Reputation:
Please compare two ways of setting/returning an array:
static public float[] test_arr_speeds_1( int a ) {
return new float[]{ a, a + 1, a + 2, a + 3, a + 4, a + 5,
a + 6, a + 7, a + 8, a + 9 };
} // or e.g. field = new float... in method
static public float[] test_arr_speeds_2( int a ) {
float[] ret = new float[10];
ret[0] = a;
ret[1] = a + 1;
ret[2] = a + 2;
ret[3] = a + 3;
ret[4] = a + 4;
ret[5] = a + 5;
ret[6] = a + 6;
ret[7] = a + 7;
ret[8] = a + 8;
ret[9] = a + 9;
return ret;
} // or e.g. field[0] = ... in method
Both generate distinct bytecodes and both can be decompiled to their former state. After checking the execution times via profiler (100M iterations, unbiased, different environs), the time of _1 method is approx. 4/3 the time of _2, even though both create a new array and both set every field to a given value. The times are negligible most of the time, but this still bugs me - why is _1 visibly slower? Can anybody check/confirm/explain it to me in a reasonable, JVM-supported way?
Upvotes: 5
Views: 165
Reputation: 340873
Here is the difference between bytecode (only for first two items). First method:
bipush 10
newarray float //creating an array with reference on operand stack
dup
iconst_0
iload_0
i2f
fastore //setting first element
dup
iconst_1
iload_0
iconst_1
iadd
i2f
fastore //setting second element
//...
areturn //returning the top of the operand stack
Second method:
bipush 10
newarray float
astore_1 //creating an array and storing it in local variable
aload_1
iconst_0
iload_0
i2f
fastore //setting first element
aload_1
iconst_1
iload_0
iconst_1
iadd
i2f
fastore //setting second element
//...
aload_1
areturn
As you can see the only difference is that the array reference is kept on operand stack in the first scenario (that's why dup
appears so many times - to avoid loosing a reference to an array after fastore
) while in the second scenario the array reference is kept on normal stack (where method arguments and local variables are kept). In this scenario the reference must be read all the time (aload_1
) because fastore
requires arrayref to be on on the operand stack.
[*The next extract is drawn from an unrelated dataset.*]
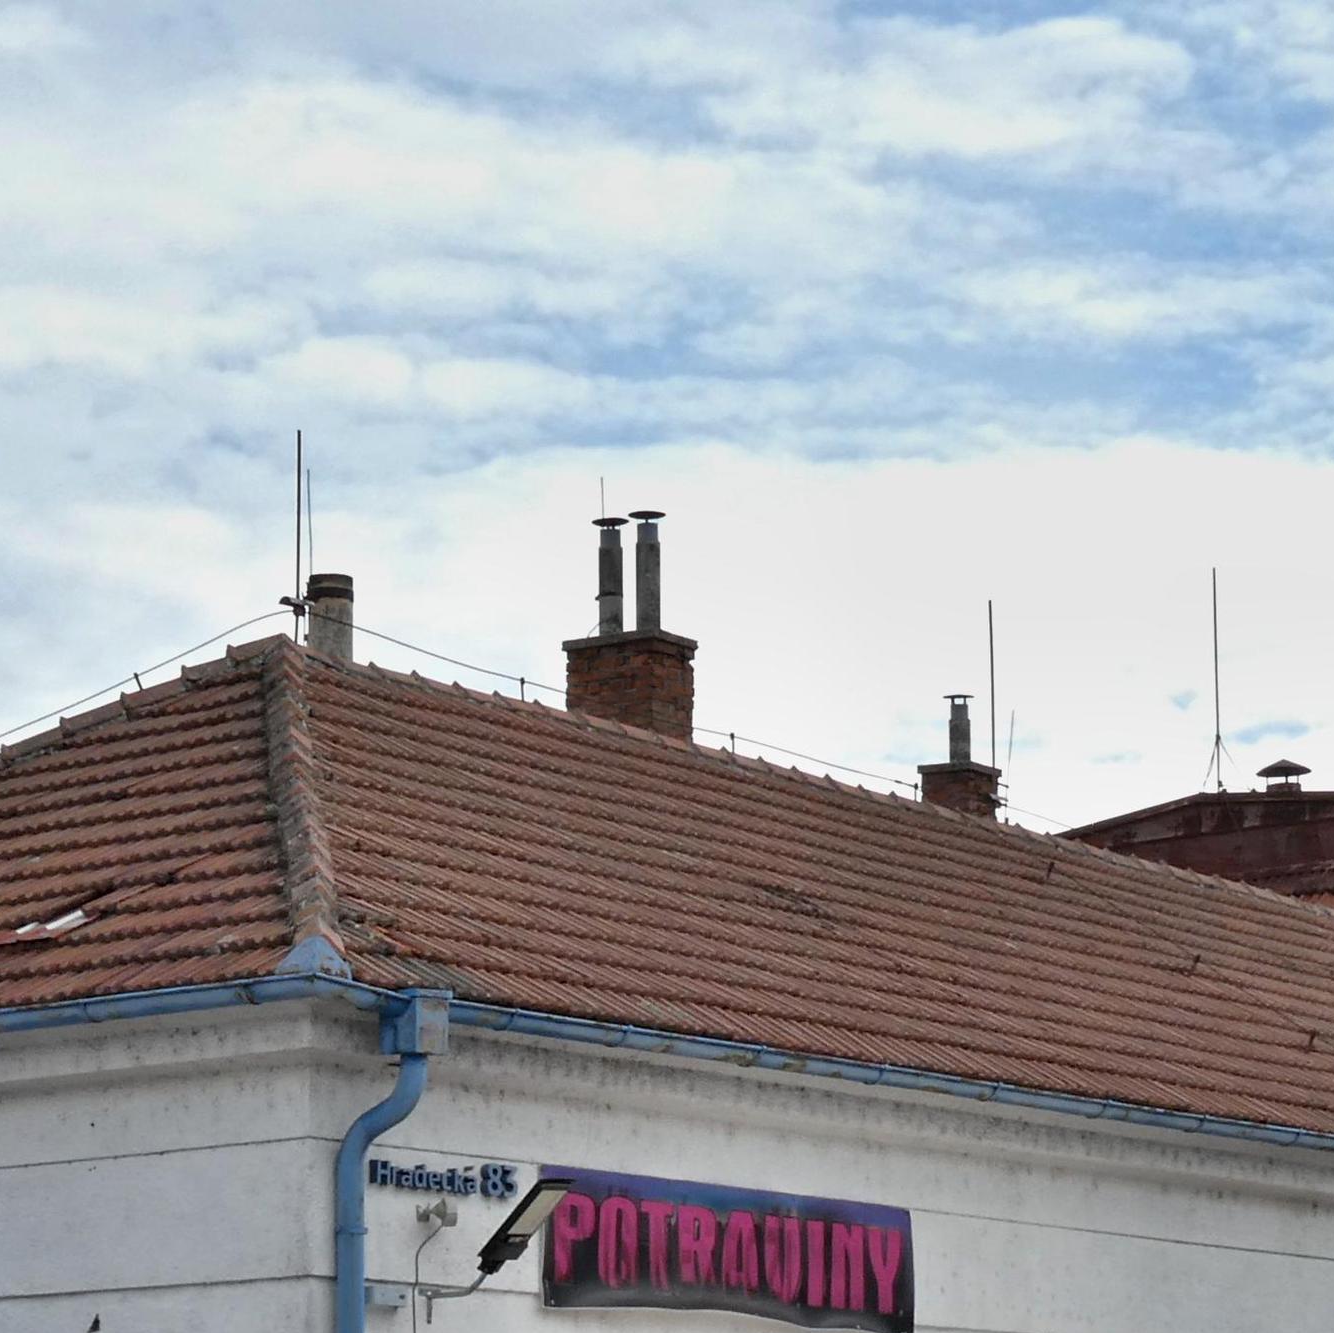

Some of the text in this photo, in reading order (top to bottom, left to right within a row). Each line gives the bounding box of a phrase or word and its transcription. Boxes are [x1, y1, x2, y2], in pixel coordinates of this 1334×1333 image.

[369, 1159, 519, 1197] Hradecká 83
[552, 1191, 903, 1315] POTRAVINY
We shouldn't make assumptions based on this bytecode - after all it is translated to CPU instructions by jit and most likely in both cases array reference is stored in one of the CPU registers. Otherwise the performance difference would be huge.
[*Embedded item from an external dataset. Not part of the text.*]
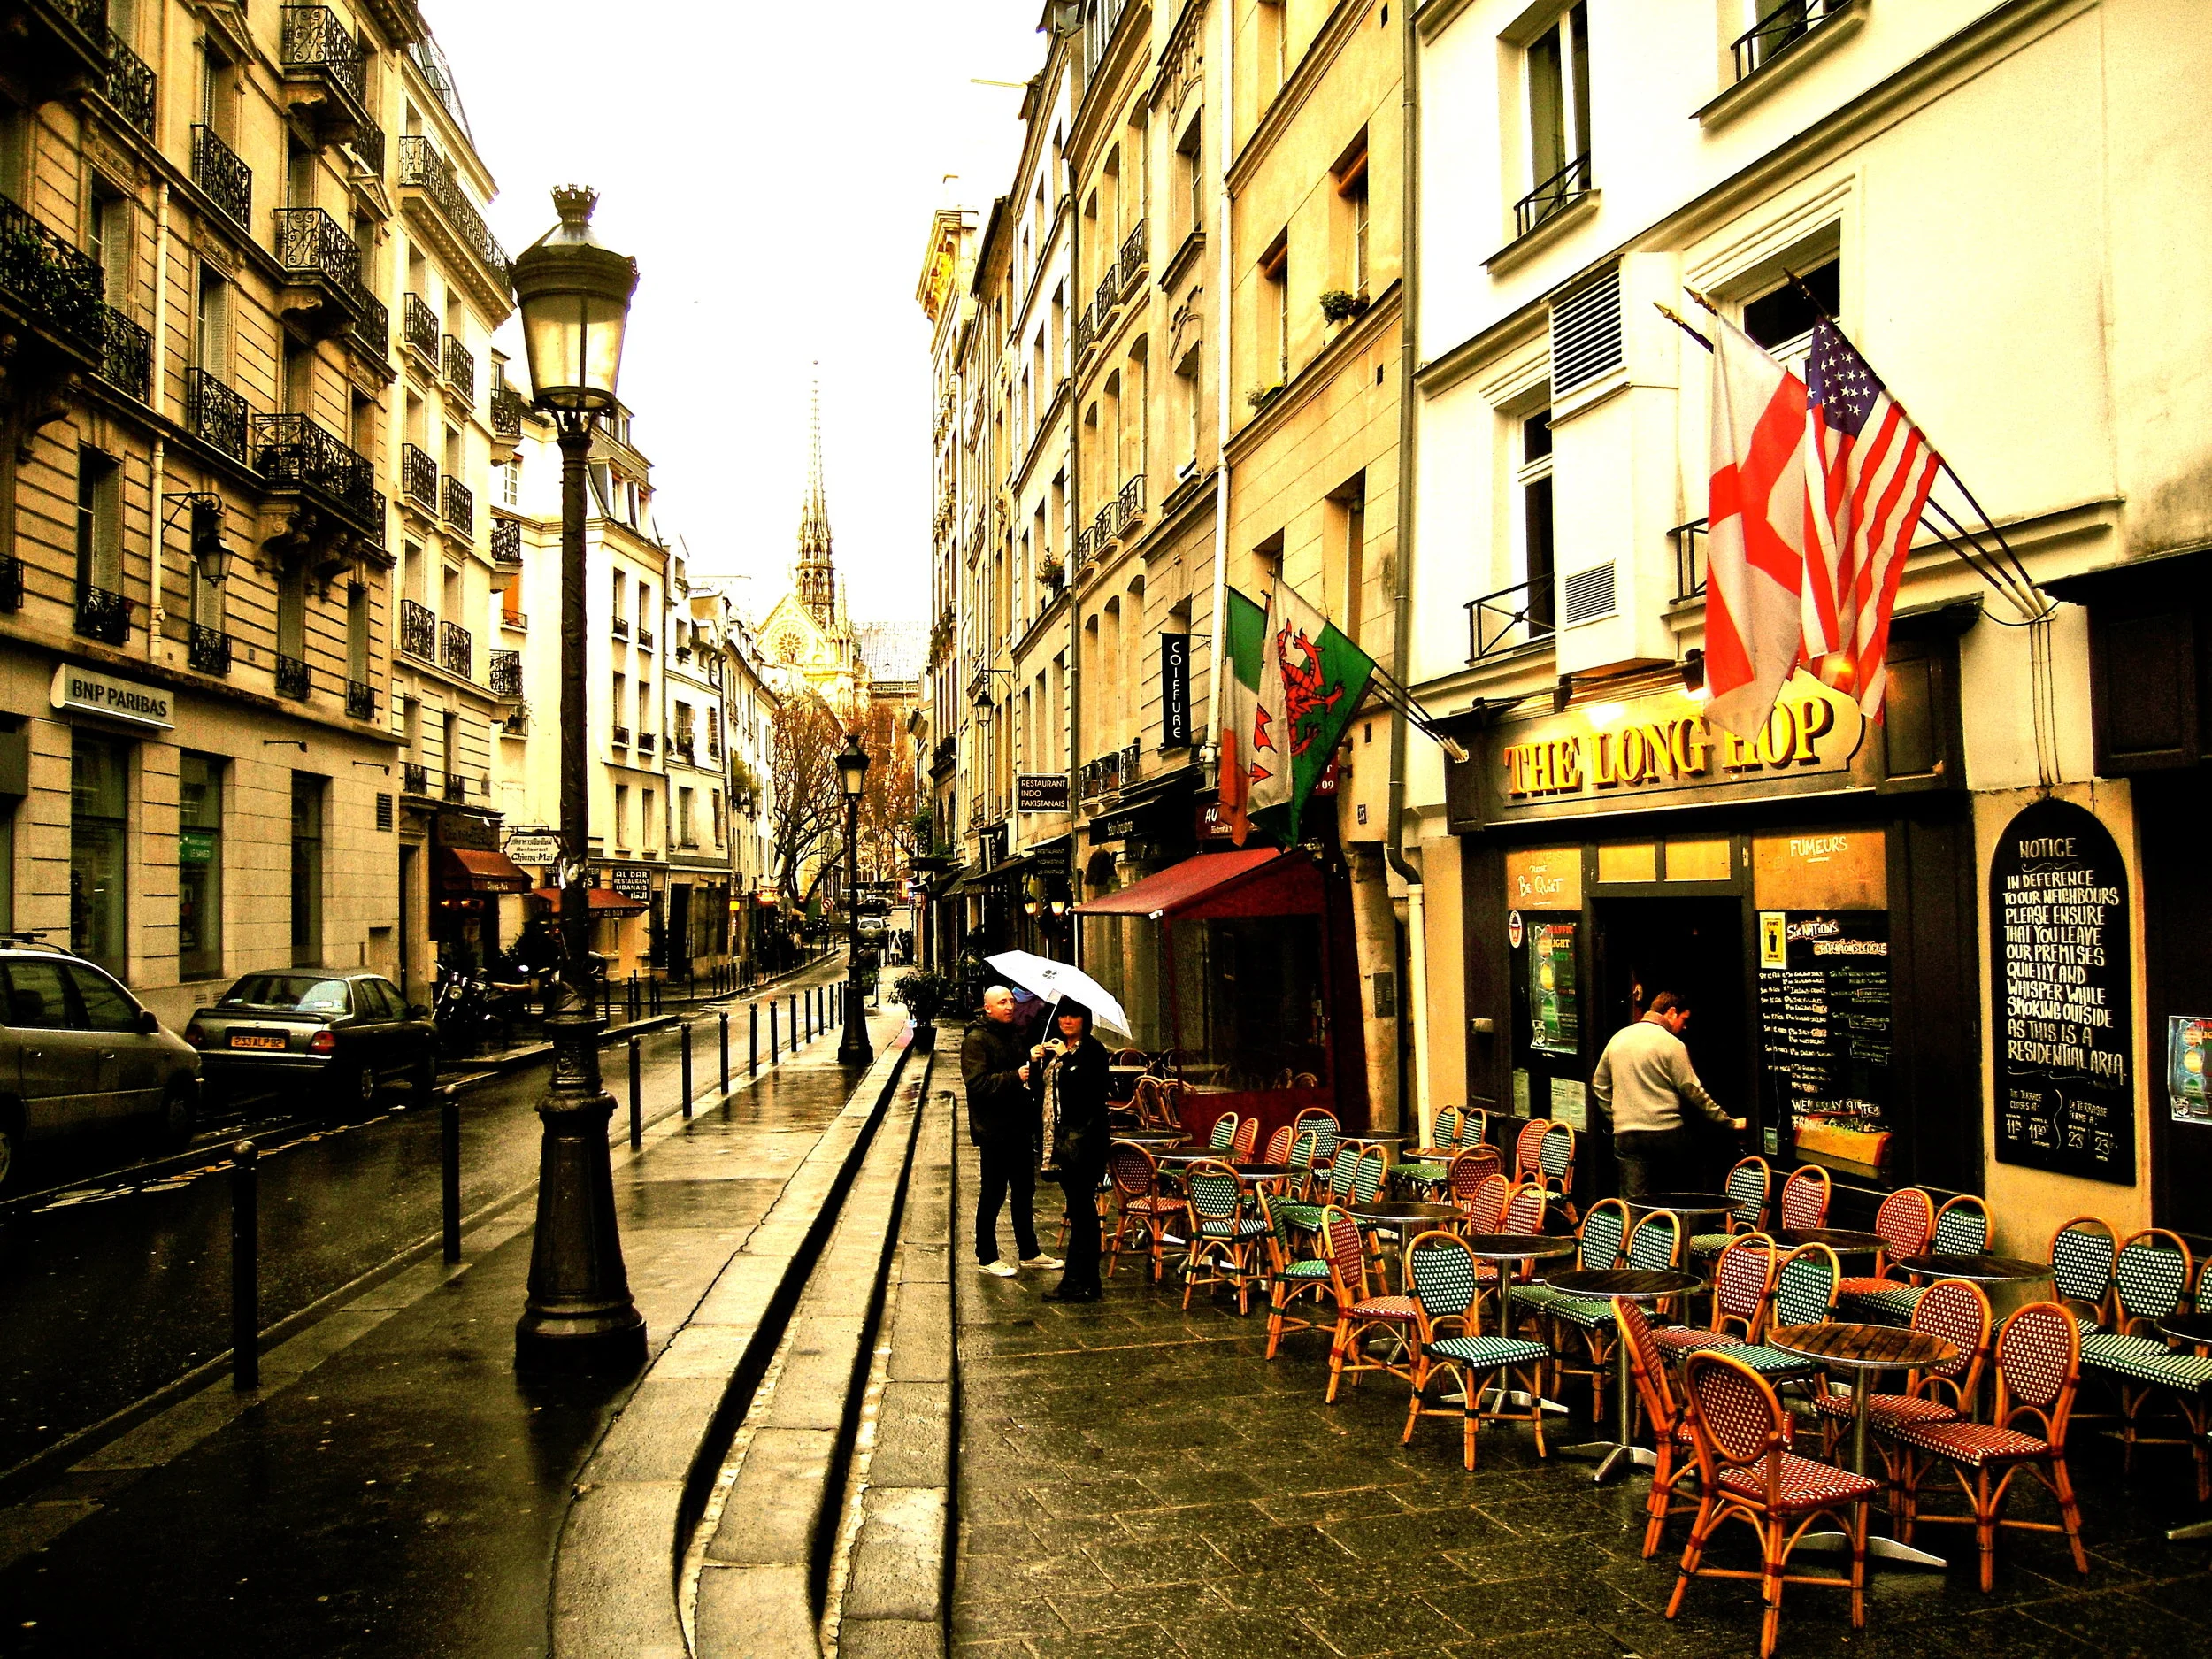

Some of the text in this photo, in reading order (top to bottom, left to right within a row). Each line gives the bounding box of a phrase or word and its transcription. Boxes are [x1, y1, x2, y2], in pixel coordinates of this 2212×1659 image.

If you can measure the difference and you are doing so low-level optimizations - pick the version that is faster. But I doubt the difference is "portable" (depending on the architecture and JVM version/implementation you will observer different timing behaviour). That being said - I would go for more readable version, rather than the one that happens to be faster on your computer.
Upvotes: 6